Anyway, coming soon!  Very exciting!

Top Movies of October 2015

Nine total movies watched.

The End of the Tour
Smart guys talk about stuff.end_of_the_tour

The Martian
Smart guy needs to survive.martian

The Man from U.N.C.L.E.
Smart (and good looking) guys work together, reluctantly.man_from_uncle

Bridge of Spies
Smart guy defends spy.bridge_of_spies

Begin Again
Smart girl’s music changes people’s lives.begin_again

Inside Out
Emotions wreck havoc with your emotions.inside_out

Books Read in October 2015

If you are only going to read one of my recommended books, go for Steve Sheinkin’s Most Dangerous as it is everything that good nonfiction should be.  If you are going to read two of my recommended books, add Hired Girl to your list. I loved it!

recommended

Picture books: Red. A Crayon’s Story
Middle Grade: Orbiting Jupiter (and not just because it was the only middle grade I read).
Young Adult:  The Hired Girl
Young Nonfiction: Most Dangerous

picture books

 

That’s (Not) Mine
Anna King
Read for Librarian Book Group
A fight over a chair in picture book form.  Had I not spent my childhood in multiple iterations of this struggle,  I probably would have enjoyed this more.

Red. A Crayon’s Story
Michael Hall
Read for Librarian Book Group
Enjoyable.  It was fun to go back and see if the different colored crayons had different personalities.
This month I also read X: A Novel and the main character was called Red.  Crossover appeal? 🙂

Fright Club
Ethan Long
Read for Librarian Book Group
Who are the really frightening monsters?  I work in a school, I already know the answer.

middle grade

Orbiting Jupiter
Gary D. Schmidt
Read for Librarian Book Group
This book was written with the clarity of a cold New England morning.  I could feel the landscape around me and the unfairness ricocheted through me.  Short, poignant story of a boy with a second chance. I adored nine-tenths of this book.  I begrudgingly accept the author’s choice for the last tenth.

young adult

Infinite Inbetween
Carolyn Mackler
Read for Librarian Book Group
It’s kind of a massive undertaking to follow five characters through four years of high school.  Hats off to Ms. Mackler for trying and for creating five such different characters.  However, the result for me was a story a mile wide and an inch deep.  I wanted to really dig into some part of this narrative, and everything felt very surface.

I Crawl Through It
A.S. King
Read for Librarian Book Group
I’m the last in line for surrealist anything, so this book was not made for me.  I was not patient while I worked my way through it.  I wanted things to be clearer (as in not-surrealist).  For people who are into surrealism, this is a well-written book.

The Walls Around Us
Nova Ren Suma
Read for Mock Printz
What do a Julliard-bound ballet dancer and a convicted teenage murderer have in common?  This book starts big, with a strange happenstance at a maximum security prison for adolescent girls.  Then it keeps building.  There were confusing moments of “what the heck?” followed by sudden understanding.  I was gleefully delighted by the time the end came around.

Honor Girl
Maggie Thrash
Read for Librarian Book Group
The usual caveats about graphic novels not being my thing apply.  The story itself was good, but I found I had trouble identifying characters based on how they were drawn.  I feel like I read a ton of YA books set at summer camp when I was a YA, so it was fun to return to the (East Coast*) summer camp setting.

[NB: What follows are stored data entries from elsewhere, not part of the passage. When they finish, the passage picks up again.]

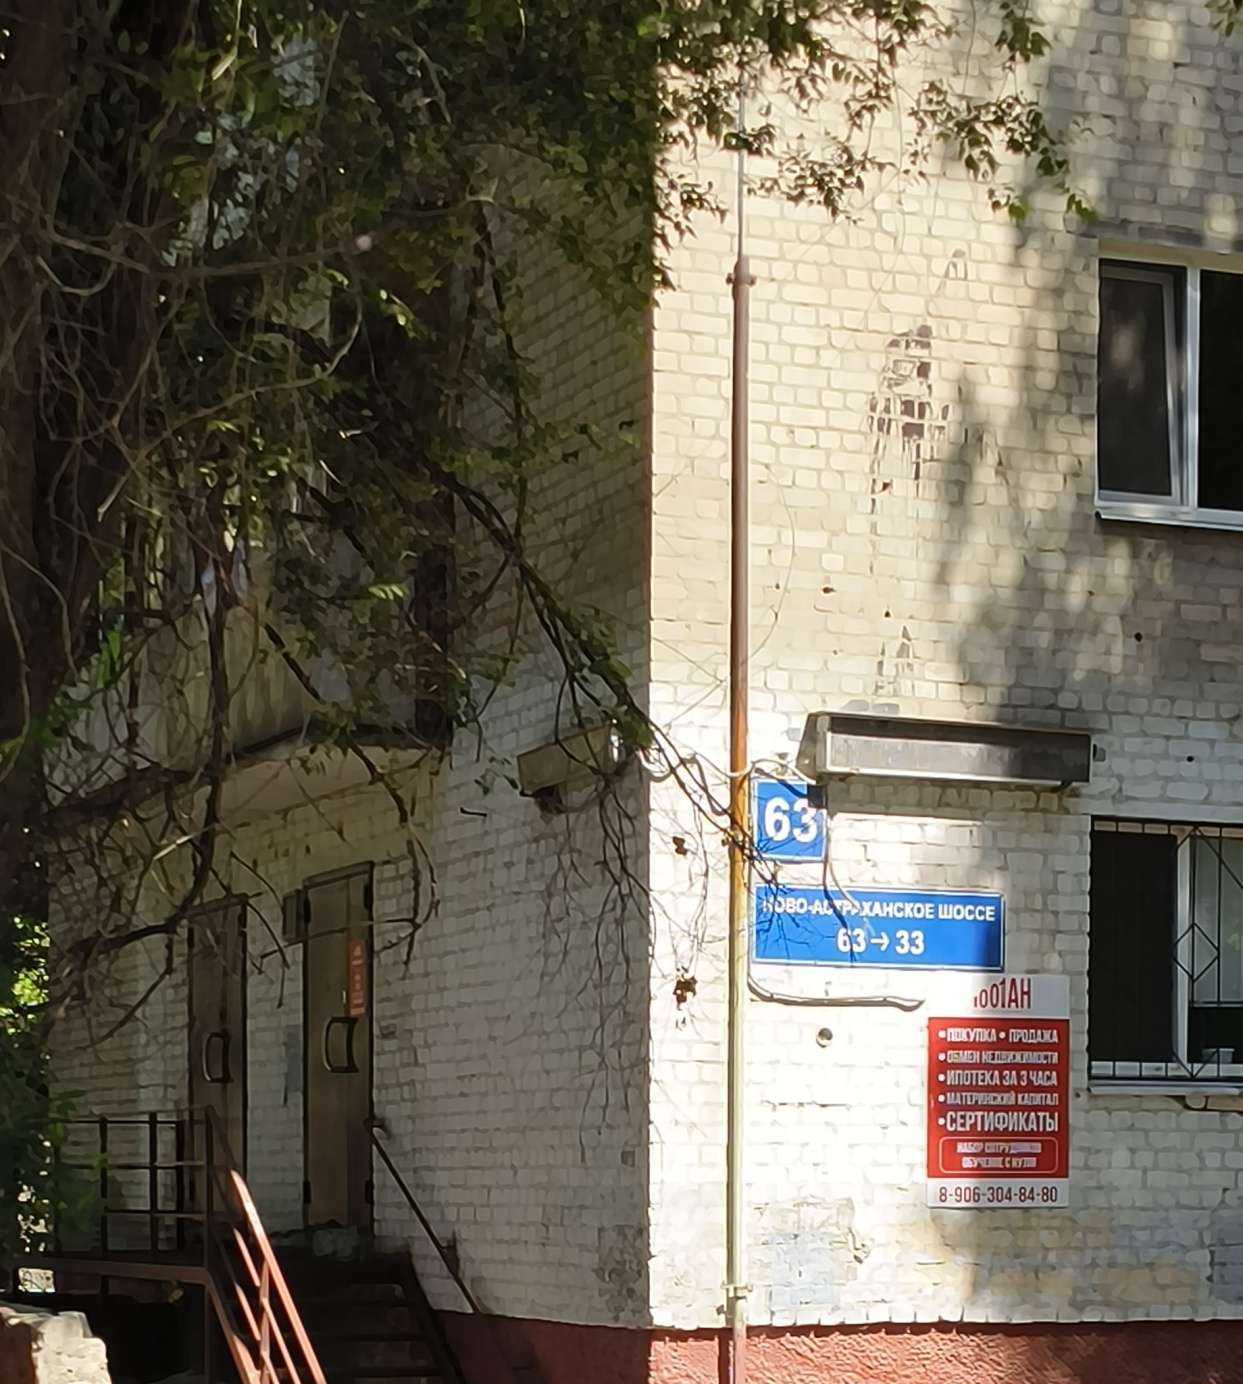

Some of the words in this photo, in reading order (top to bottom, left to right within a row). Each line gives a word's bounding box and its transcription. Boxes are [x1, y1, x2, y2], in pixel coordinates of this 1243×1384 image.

[764, 797, 818, 842] 63
[938, 904, 996, 922] ШОССЕ
[837, 927, 867, 953] 63
[895, 929, 926, 955] 33
[946, 1028, 997, 1042] ПОКУПКА
[1008, 1029, 1059, 1043] ПРОДАЖА
[946, 1070, 1000, 1085] ИПОТЕКА
[1002, 1071, 1018, 1085] ЗА
[1020, 1071, 1028, 1086] 3
[1029, 1071, 1058, 1086] ЧАСА
[946, 1091, 1016, 1105] МАТЕРИНСКИЙ
[1017, 1093, 1059, 1106] КАПИТАЛ
[945, 1111, 1059, 1132] СЕРТИФИКАТЫ
[961, 1157, 1004, 1168] ОУЧЕЕ
[1012, 1157, 1037, 1168] НУЛ
[939, 1186, 1059, 1203] 8-906-304-84-80

*Us kids in the west only went to summer camp for a week at a time, if we went at all.

The Hired Girl
Laura Amy Schultz
Read for Librarian Book Group
O! But I loved this book!  I loved it the way I loved The Little Princess,  for the tragic plot and plucky heroine.  I loved the diary format the way I loved that YA book written in diary format with the boy who got lockjaw and died.  I loved the many obstacles the hired girl managed to get through.  I loved that I couldn’t stop reading it.  This is my kind of book.  Also, reading it, I felt like I should be putting a lot more effort into cleaning my house.


Young nonficiton

Most Dangerous
Steve Sheinkin
Read for Librarian Book Group
I was a history major in college, primarily because I love the stories.  As an adult, I don’t read nonfiction books about history mostly because they are 1)too long and 2)incredibly dry.  Enter Steve Sheinkin and the YA nonfiction history book.  Man, this guy can make history come alive and manages to do so in less than 400 pages.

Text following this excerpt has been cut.